Q1: The difference of wet bulb temperature and adiabatic saturation temperature of unsaturated mixture of any system is

ANS:A - +ve

The difference between the wet bulb temperature and the adiabatic saturation temperature of an unsaturated mixture can provide insights into the state of the mixture and the potential for evaporative cooling. Let's explore each term and their relationship:

1. Wet Bulb Temperature:
   • The wet bulb temperature is the lowest temperature that can be reached by evaporating water into the air at constant pressure and with no heat transfer to the surrounding environment.
   • It is typically measured using a thermometer with its bulb covered in a wet fabric exposed to moving air.
   • The wet bulb temperature represents the lowest temperature achievable through evaporative cooling, as evaporation of water from the wet fabric cools the thermometer bulb due to the latent heat of vaporization.
2. Adiabatic Saturation Temperature:
   • The adiabatic saturation temperature is the temperature that a parcel of air would reach through adiabatic expansion if it were saturated with water vapor.
   • Adiabatic expansion refers to the process where a gas expands without any heat exchange with the surroundings.
   • When a parcel of air is saturated (contains the maximum amount of water vapor it can hold at a given temperature and pressure), its temperature decreases as it expands adiabatically due to the cooling effect of water vapor condensing into liquid water.

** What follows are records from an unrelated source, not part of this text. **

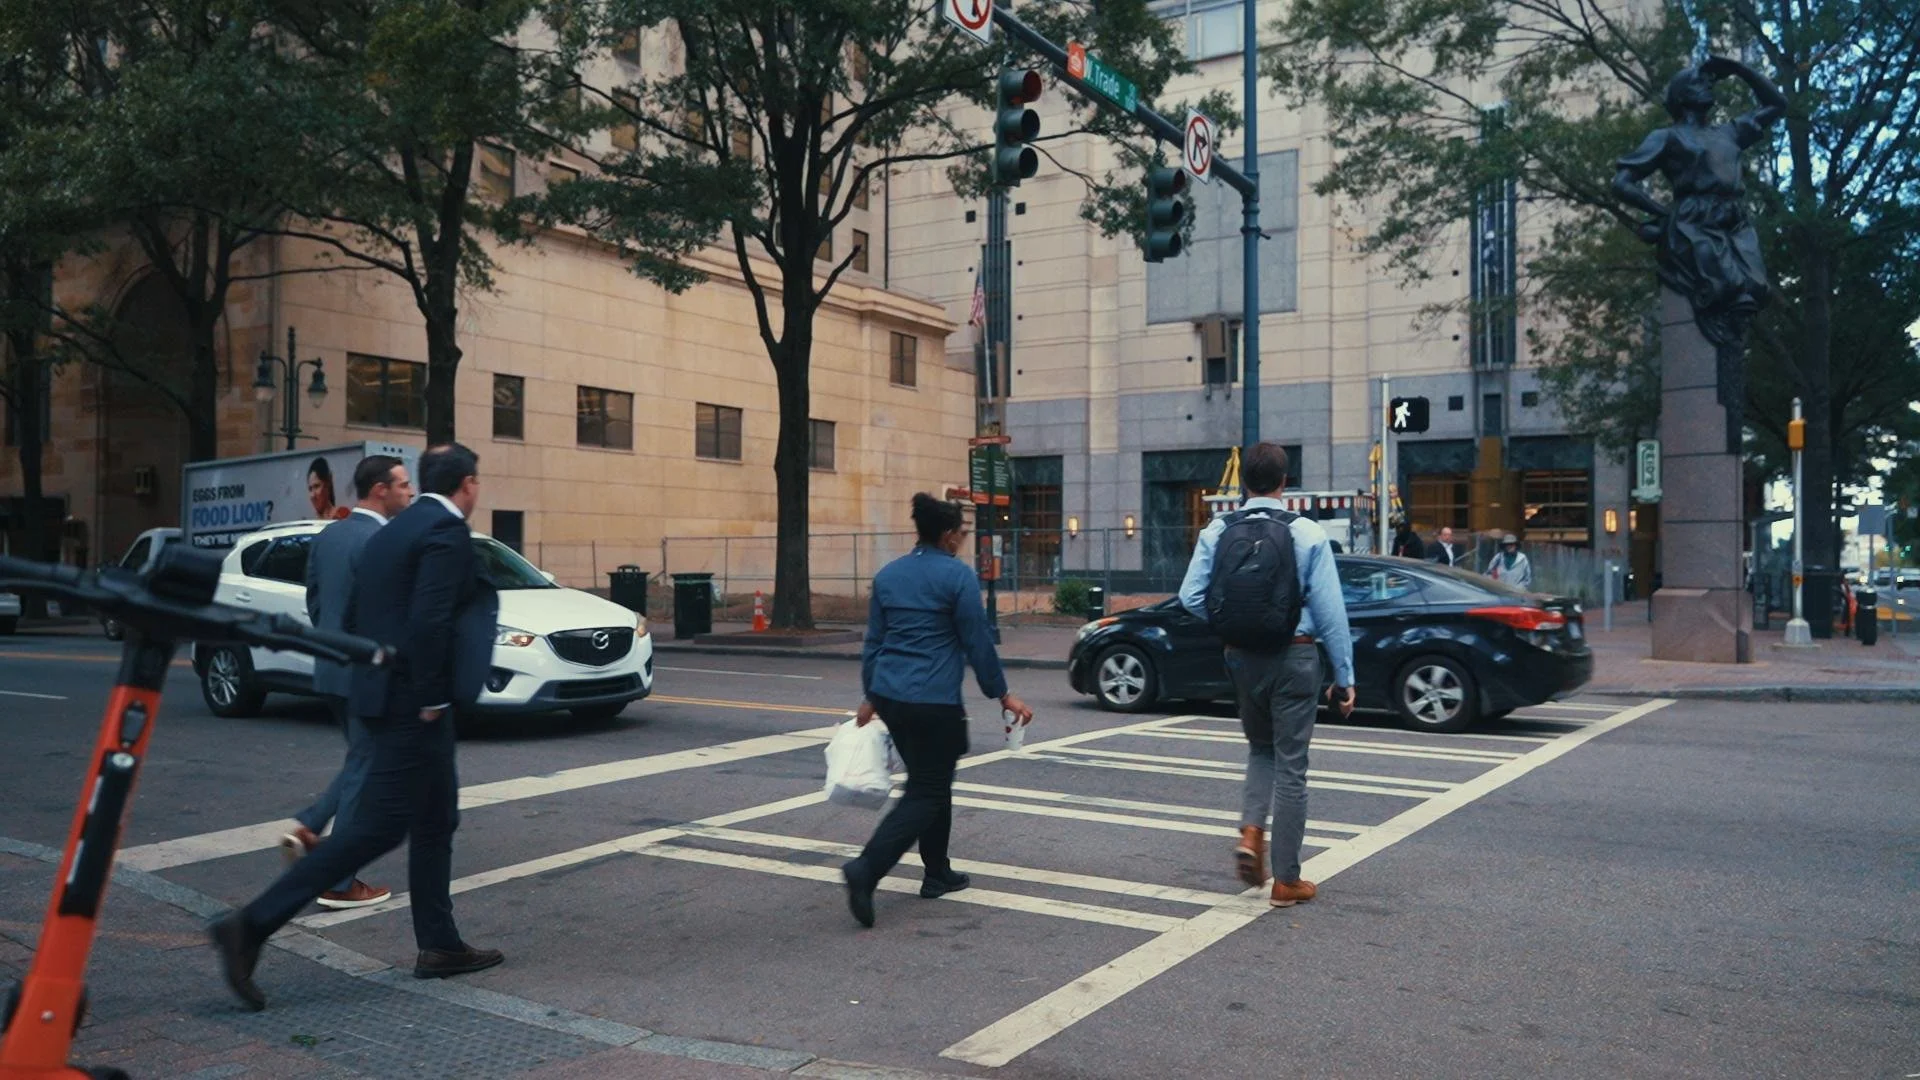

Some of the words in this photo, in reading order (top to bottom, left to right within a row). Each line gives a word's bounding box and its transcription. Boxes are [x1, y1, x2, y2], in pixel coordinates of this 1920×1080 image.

[1095, 64, 1119, 100] Trade
[193, 487, 217, 503] EGGS
[218, 484, 245, 499] FROM
[193, 505, 230, 528] FOOD
[232, 500, 274, 525] LION?

Now, let's consider the difference between these temperatures:

• If the wet bulb temperature is lower than the adiabatic saturation temperature, it suggests that the air is not saturated with water vapor.
• This could occur when the relative humidity of the air is less than 100%, meaning it can hold more water vapor before reaching saturation.
• In this case, the difference between the wet bulb temperature and the adiabatic saturation temperature would be positive.
• Conversely, if the wet bulb temperature is equal to or higher than the adiabatic saturation temperature, it suggests that the air is saturated or supersaturated with water vapor.
• In such conditions, there would be no evaporative cooling potential, and the difference between the wet bulb temperature and the adiabatic saturation temperature would be zero or negative.

In summary, the difference between the wet bulb temperature and the adiabatic saturation temperature of an unsaturated mixture can be positive, indicating the potential for evaporative cooling, or zero/negative, indicating saturation or supersaturation with water vapor and no further potential for evaporative cooling. Therefore, the correct answer is: +ve.